If you compare this plot to the previous approach, you’ll notice that the colours and shape chosen are the same. The only difference is that there is one linear regression line now for the entire data set, rather than two for male and female participants.

This difference happens because of the structure of the ggplot() package. Basically, any aesthetic properties you map in the ggplot() function will be taken into account with everything you add to the plot. So when we map shape, colour, and linetype in ggplot() to Gender, the geom_smooth() function recognizes that we want separate visualizations for males, females, and non-binary participants and adds seperate lines accordingly.

However, when we map aesthetic properties outside of ggplot() and in a separate geom(), this will be restricted to that geom.

To sum it up. If we map our variables to aesthetics in ggplot(), these are global changes. If we map variables to aesthetics outside of ggplot(), this will only make local changes. This ability to choose local or global changes means that the ggplot package system provides a high level of control in creating the plot we want.

7.5.4 Faceting

What if I wanted to create three plots. A plot for only male scores, a plot for only female scores, and a plot for only non-binary scores? Well we can use the facet_wrap() function which will make a seperate graph based on different values on a specified variable.

The syntax for facet_wrap() is: facet_wrap(~variable you are splitting the graph on)

ggplot(df_personality, mapping = aes(x = Extraversion, y = Joy_reaction)) +
  geom_point(mapping = aes(colour = Gender, shape = Gender)) +
  scale_y_continuous(name = "Mean Experience of Reaction Joy", breaks = c(1:5)) +
  scale_x_continuous(breaks = c(1:5)) +
  theme_apa() +
  geom_smooth(method = lm, show.legend = F) +
  facet_wrap(~Gender)
## `geom_smooth()` using formula = 'y ~ x'

This can be a really useful tool in data exploration when you want to see differences in relationships or effects between different categories or scores. For the purposes of brevity, I will not go into details here about how to add individual annotations to each chart, but please check out the answer given by Pedro Aphalo and Kamil Slowikowski here if you are interested in doing this.

7.5.5 Combining Charts

Another hypotheses I wanted to test was if there is a positive relationship between Conscientiousness and Disgust sensitivity. Previous research and some high-profile scholars have made the claim that people who are high in Conscientiousness are more likely to feel disgust, which motivates their tendency to be structured, diligent, and orderly. If this is true, then I would expect there to be a positive relationship between Conscientiousness and Disgust_reaction variable

ggplot(df_personality, mapping = aes(x = Conscientiousness, y = Disgust_reaction)) +
  geom_point(mapping = aes(colour = Gender, shape = Gender)) +
  scale_y_continuous(name = "Mean Experience of Reaction Disgust", breaks = c(1:5)) +
  scale_x_continuous(breaks = c(1:5)) +
  theme_apa() +
  geom_smooth(method = lm, show.legend = F) +
  annotate("text", x = 2.75, y = 4,
           label = expression(italic("F")(1, 201) == 0.05~","~italic("p") == .81~","~italic("R")^2 == 0.004))
## `geom_smooth()` using formula = 'y ~ x'

Well that’s as a definite “NO!” that you’re going to see in a scatterplot.

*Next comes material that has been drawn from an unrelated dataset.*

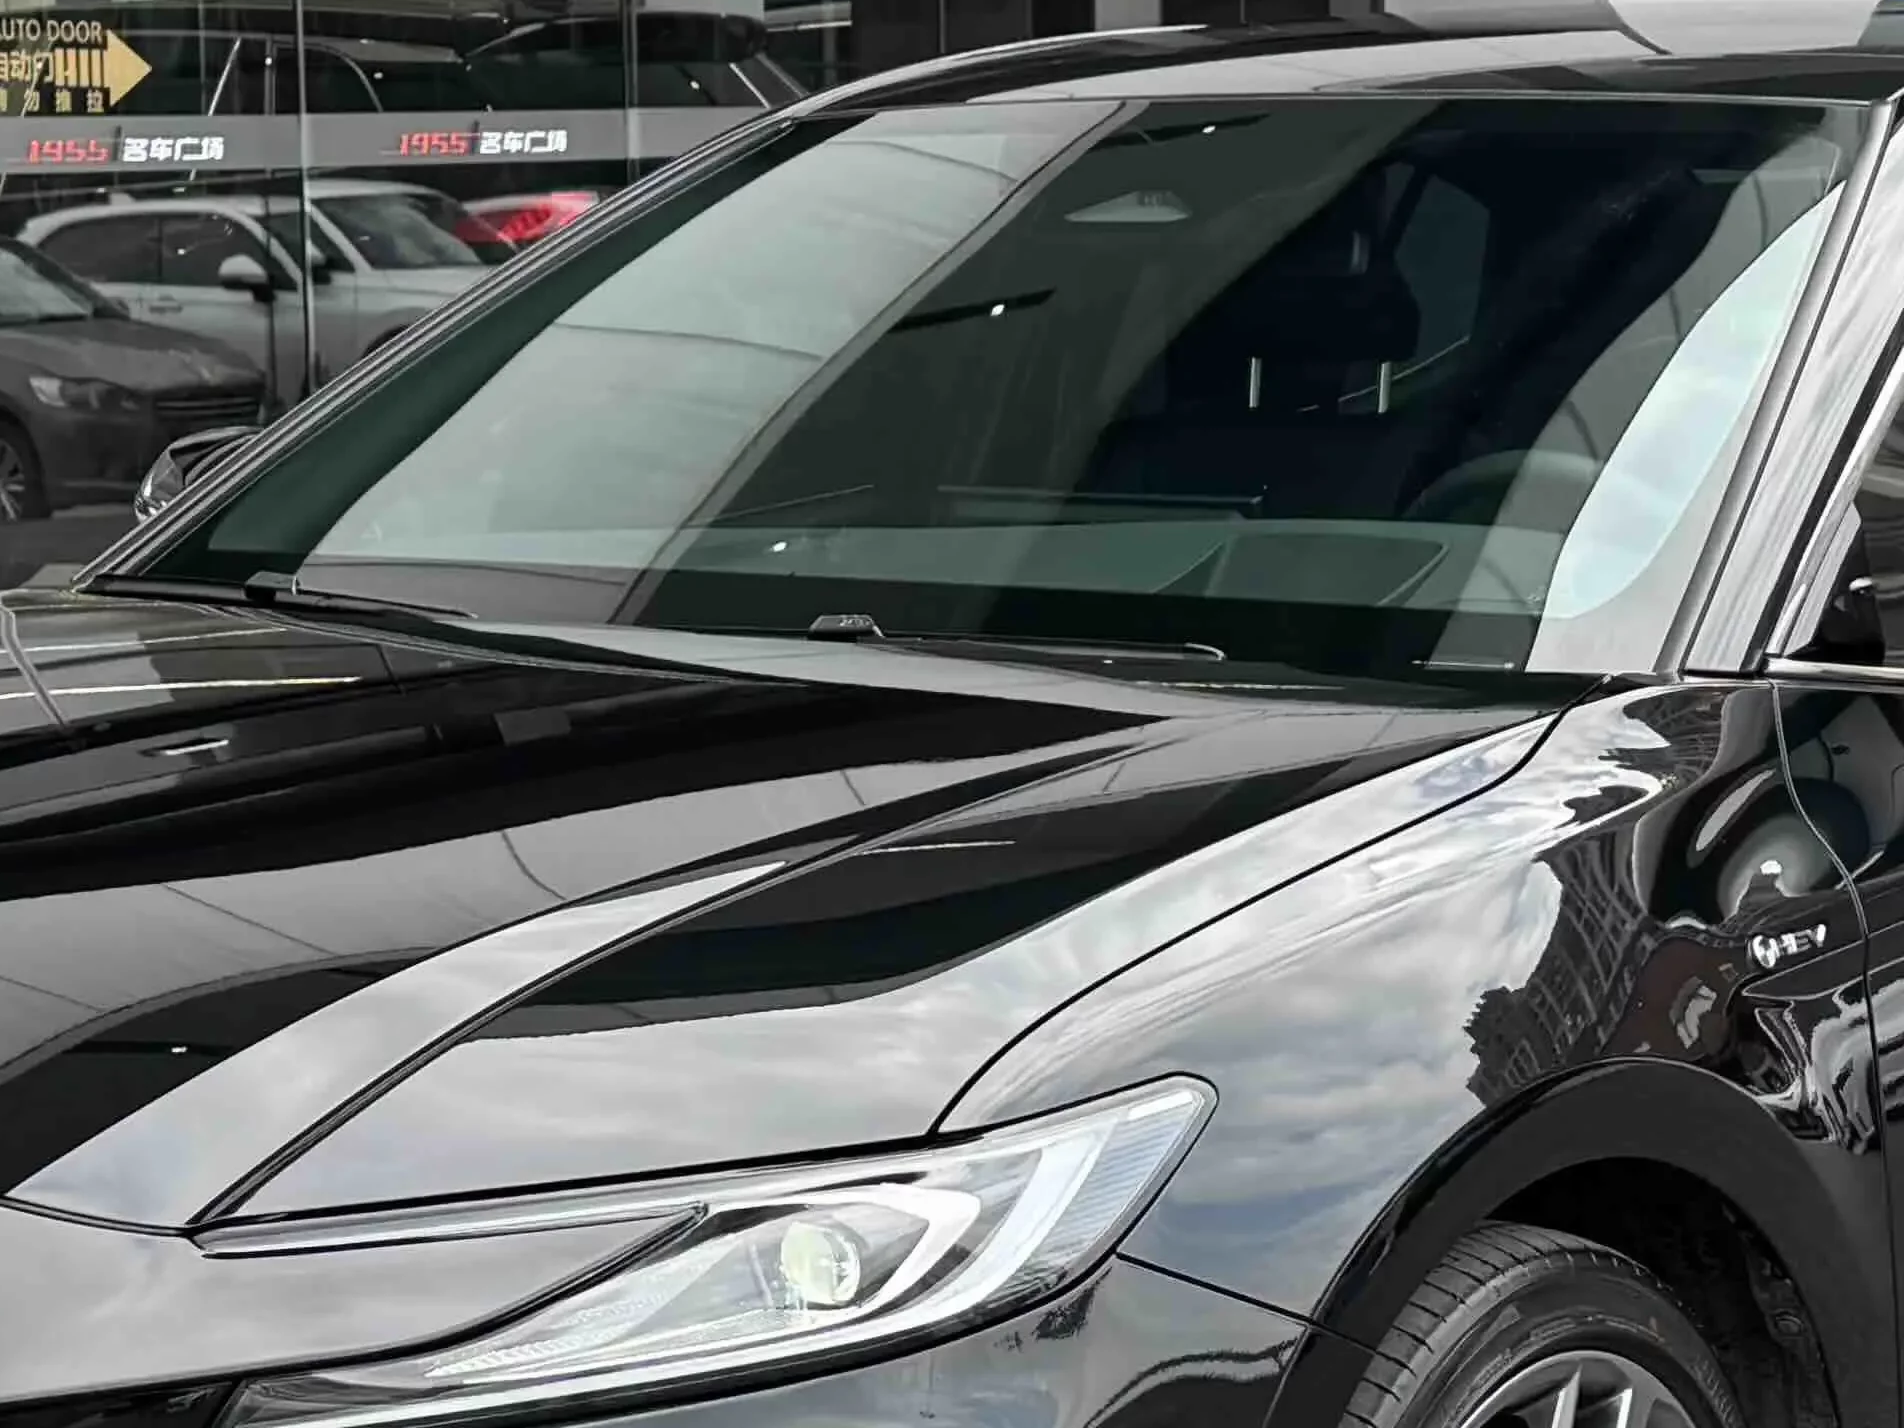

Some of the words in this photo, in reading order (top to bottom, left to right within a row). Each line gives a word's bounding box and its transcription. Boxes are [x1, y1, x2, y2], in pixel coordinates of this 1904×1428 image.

If you wanted to display and export these three plots together (for the sake of it, I am going to add the box plot in here as well), you can use the patchwork package. Once it is installed, all you need to do is assign your plots to variable names, and then use the +, | and / operators together. For more information on how to use patchwork, then see this web page.

One thing to note is that you may need to change the appearance of each graph to make it easier to to combine them together. For the following graphs, I removed the legends from the scatter plots (by putting show.legend = FALSE in geom_smooth for both p1 and p2 and in geom_boxplot in p3) and changed the labels on the y-axis. Then I toyed around with their layout to find the layout that was the most informative (feel free to play around with diferent configurations)

p1 <- ggplot(df_personality, mapping = aes(x = Extraversion, y = Joy_reaction)) +
  geom_point(mapping = aes(colour = Gender, shape = Gender), show.legend = FALSE) +
  scale_y_continuous(name = "Reaction Joy", breaks = c(1:5)) +
  scale_x_continuous(breaks = c(1:5)) +
  theme_apa() +
  geom_smooth(method = lm, show.legend = F)


p2 <- ggplot(df_personality, mapping = aes(x = Conscientiousness, y = Disgust_reaction)) +
  geom_point(mapping = aes(colour = Gender, shape = Gender),  show.legend = FALSE) +
  scale_y_continuous(name = "Reaction Disgust", breaks = c(1:5)) +
  scale_x_continuous(breaks = c(1:5)) +
  theme_apa() +
  geom_smooth(method = lm, show.legend = F)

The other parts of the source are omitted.